- [Problem to work on] Would you please restate all of the entries exactly, apart from the pictures?

- [Entries shown]
◆ ◆ ◆ ◆

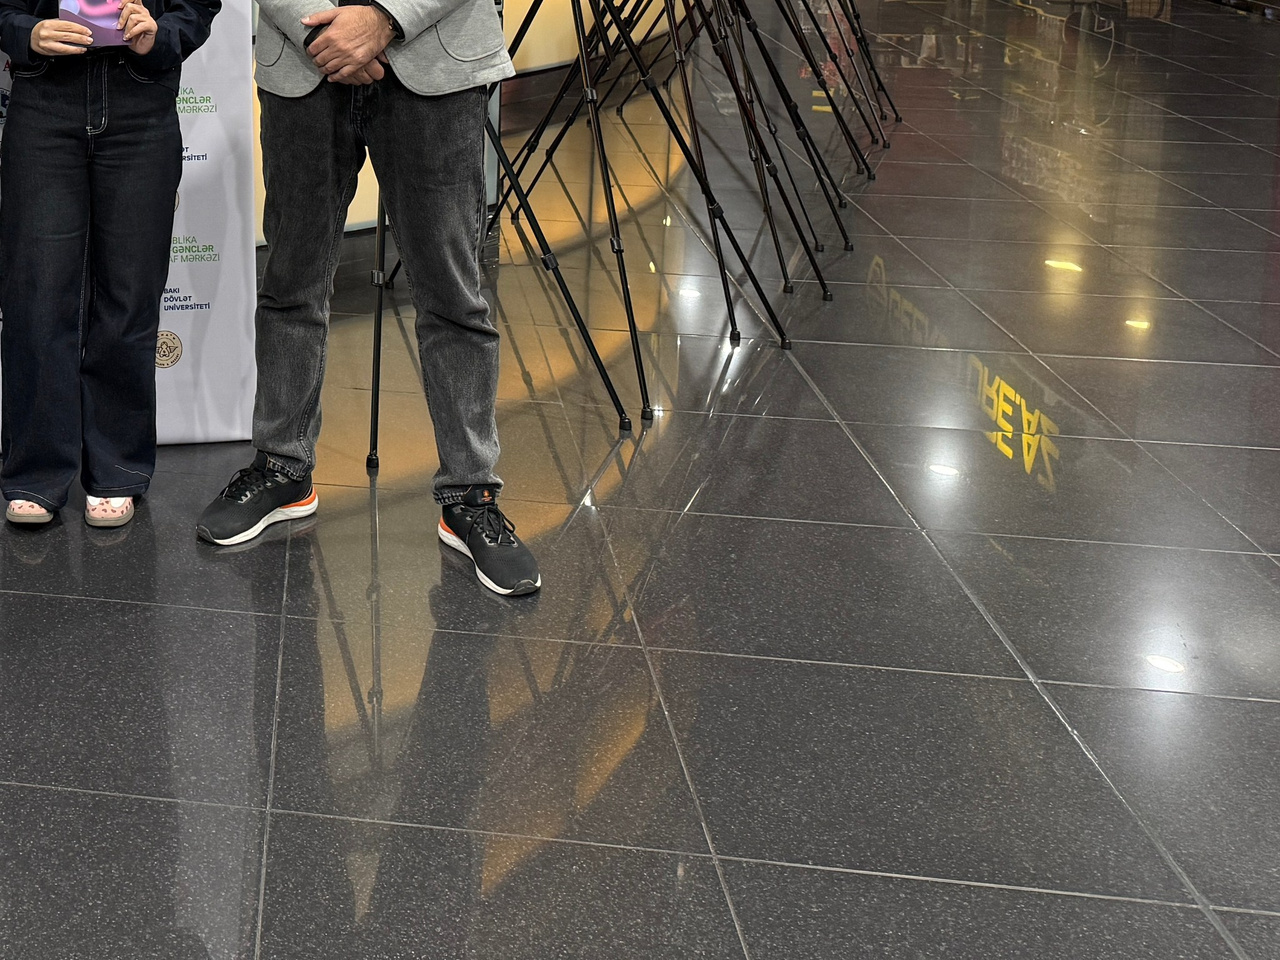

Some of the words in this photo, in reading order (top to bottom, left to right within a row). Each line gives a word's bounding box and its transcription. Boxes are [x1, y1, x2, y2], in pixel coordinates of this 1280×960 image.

[178, 103, 217, 113] MƏRKƏZİ
[172, 235, 197, 244] BLİKA
[180, 253, 220, 262] MƏRKƏZİ
[164, 294, 192, 302] DÖVLƏT
[163, 302, 210, 312] UNİVERSİTETİ

◆ ◆ ◆ ◆

- [Solved exercise]
Some of the words in this photo, in reading order (top to bottom, left to right within a row). Each line gives a word's bounding box and its transcription. Boxes are [x1, y1, x2, y2], in pixel coordinates of this 1280×960 image.

[178, 103, 217, 113] MƏRKƏZİ
[172, 235, 197, 244] BLİKA
[180, 253, 220, 262] MƏRKƏZİ
[164, 294, 192, 302] DÖVLƏT
[163, 302, 210, 312] UNİVERSİTETİ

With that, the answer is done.